(TASK TO COMPLETE): Every line below from the one containing "this 1280×1280 image." through the one containing "Some of the text" must be transcribed exactly. Omit all lines outside that stretch.

(MATERIAL SUPPLIED):
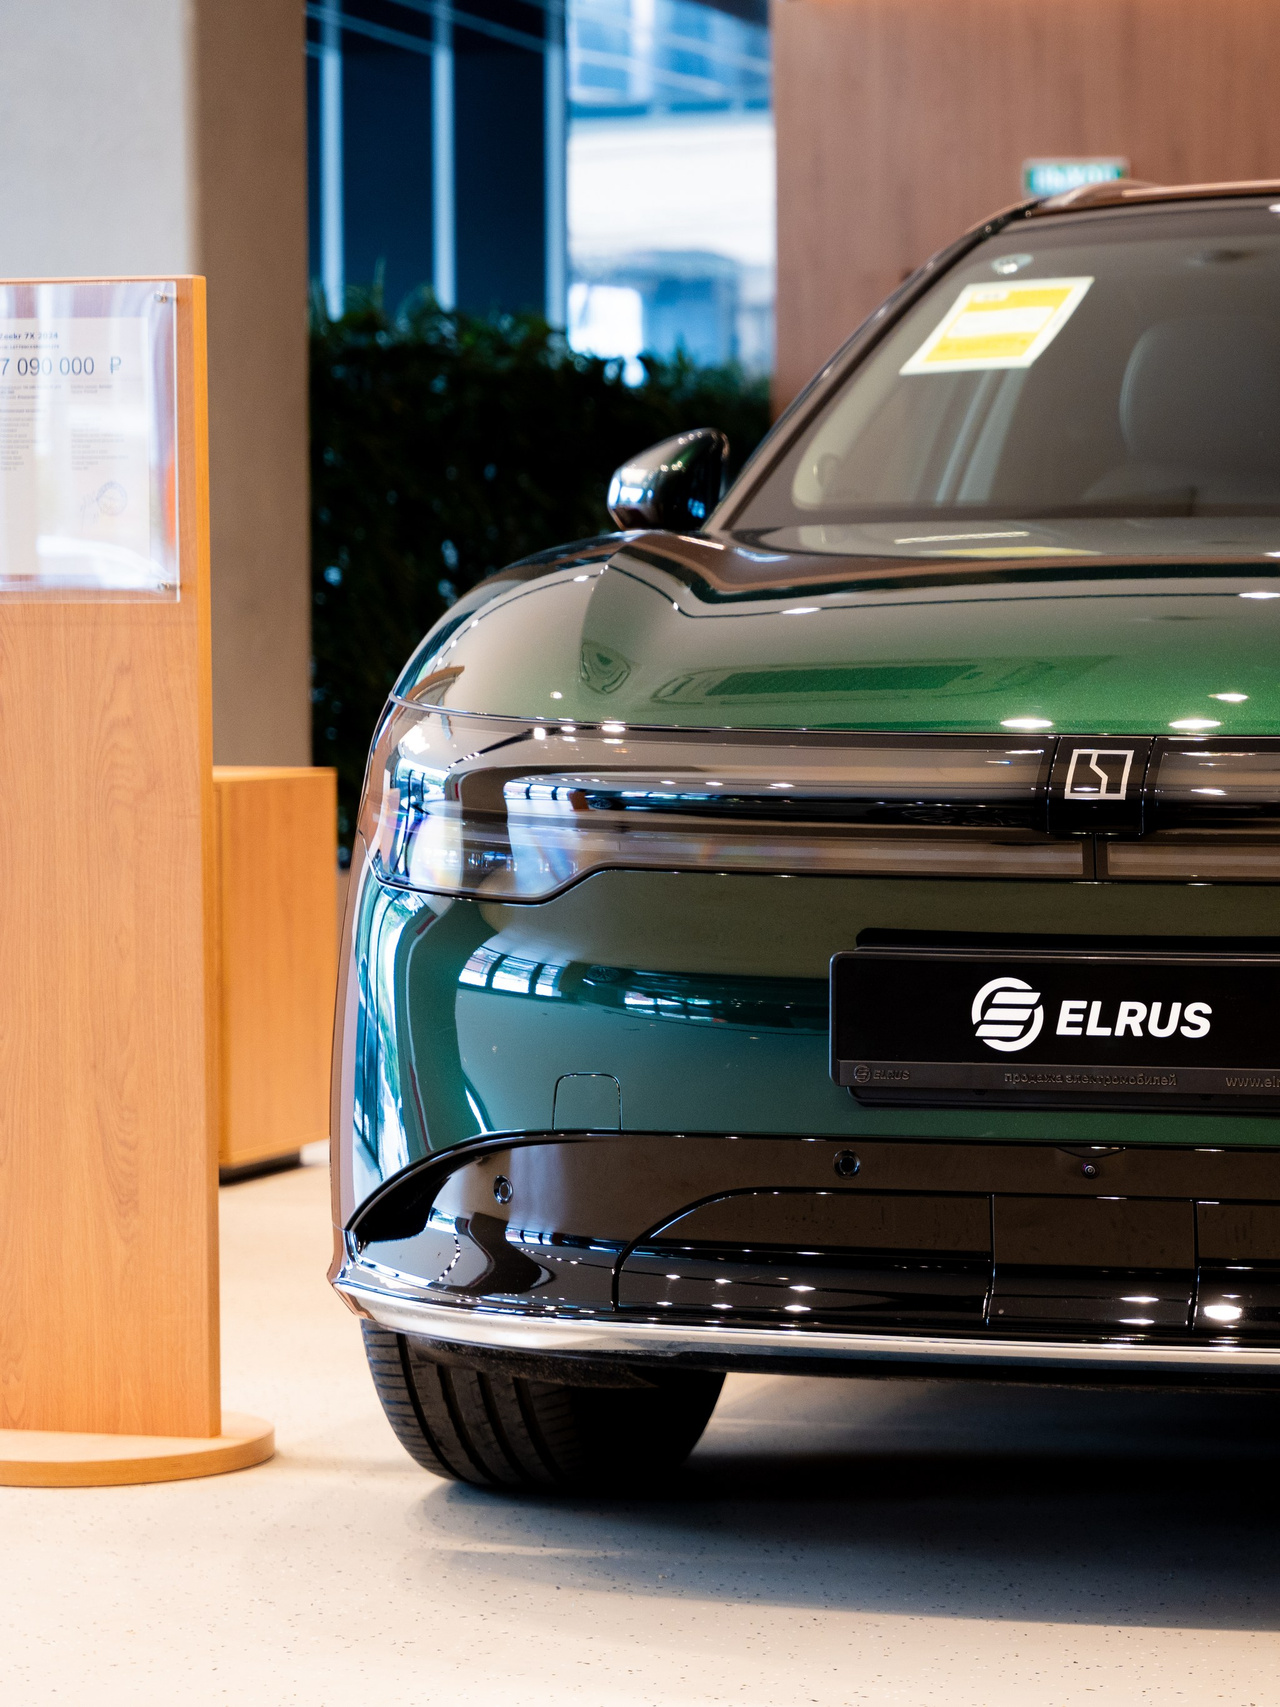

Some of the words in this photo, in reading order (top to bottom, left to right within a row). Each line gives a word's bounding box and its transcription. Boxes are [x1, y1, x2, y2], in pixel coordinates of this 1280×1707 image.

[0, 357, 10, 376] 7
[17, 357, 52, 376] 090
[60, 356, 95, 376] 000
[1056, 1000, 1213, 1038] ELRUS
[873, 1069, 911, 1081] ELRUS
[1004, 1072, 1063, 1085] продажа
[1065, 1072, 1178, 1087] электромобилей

---

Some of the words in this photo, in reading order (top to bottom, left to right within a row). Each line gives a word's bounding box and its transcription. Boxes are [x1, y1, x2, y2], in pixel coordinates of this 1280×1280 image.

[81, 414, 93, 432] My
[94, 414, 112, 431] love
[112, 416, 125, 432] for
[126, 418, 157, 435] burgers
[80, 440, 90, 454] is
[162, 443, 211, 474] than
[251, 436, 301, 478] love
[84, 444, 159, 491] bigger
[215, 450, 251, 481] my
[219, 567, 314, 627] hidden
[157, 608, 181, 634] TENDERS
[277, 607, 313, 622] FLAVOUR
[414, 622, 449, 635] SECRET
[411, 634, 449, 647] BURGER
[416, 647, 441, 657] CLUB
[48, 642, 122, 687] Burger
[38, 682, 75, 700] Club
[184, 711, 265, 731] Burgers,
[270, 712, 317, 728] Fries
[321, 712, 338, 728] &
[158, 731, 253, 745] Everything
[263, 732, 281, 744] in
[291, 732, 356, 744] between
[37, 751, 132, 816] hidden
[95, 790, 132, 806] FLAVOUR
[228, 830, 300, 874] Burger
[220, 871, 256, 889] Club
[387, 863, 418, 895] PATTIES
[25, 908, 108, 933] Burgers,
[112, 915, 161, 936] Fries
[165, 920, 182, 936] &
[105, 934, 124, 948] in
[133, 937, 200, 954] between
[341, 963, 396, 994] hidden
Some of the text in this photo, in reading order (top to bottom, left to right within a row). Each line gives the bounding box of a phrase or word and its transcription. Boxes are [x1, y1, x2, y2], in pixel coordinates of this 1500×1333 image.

(ANSWER TO THIS TASK):
Some of the words in this photo, in reading order (top to bottom, left to right within a row). Each line gives a word's bounding box and its transcription. Boxes are [x1, y1, x2, y2], in pixel coordinates of this 1280×1280 image.

[81, 414, 93, 432] My
[94, 414, 112, 431] love
[112, 416, 125, 432] for
[126, 418, 157, 435] burgers
[80, 440, 90, 454] is
[162, 443, 211, 474] than
[251, 436, 301, 478] love
[84, 444, 159, 491] bigger
[215, 450, 251, 481] my
[219, 567, 314, 627] hidden
[157, 608, 181, 634] TENDERS
[277, 607, 313, 622] FLAVOUR
[414, 622, 449, 635] SECRET
[411, 634, 449, 647] BURGER
[416, 647, 441, 657] CLUB
[48, 642, 122, 687] Burger
[38, 682, 75, 700] Club
[184, 711, 265, 731] Burgers,
[270, 712, 317, 728] Fries
[321, 712, 338, 728] &
[158, 731, 253, 745] Everything
[263, 732, 281, 744] in
[291, 732, 356, 744] between
[37, 751, 132, 816] hidden
[95, 790, 132, 806] FLAVOUR
[228, 830, 300, 874] Burger
[220, 871, 256, 889] Club
[387, 863, 418, 895] PATTIES
[25, 908, 108, 933] Burgers,
[112, 915, 161, 936] Fries
[165, 920, 182, 936] &
[105, 934, 124, 948] in
[133, 937, 200, 954] between
[341, 963, 396, 994] hidden
Some of the text in this photo, in reading order (top to bottom, left to right within a row). Each line gives the bounding box of a phrase or word and its transcription. Boxes are [x1, y1, x2, y2], in pixel coordinates of this 1500×1333 image.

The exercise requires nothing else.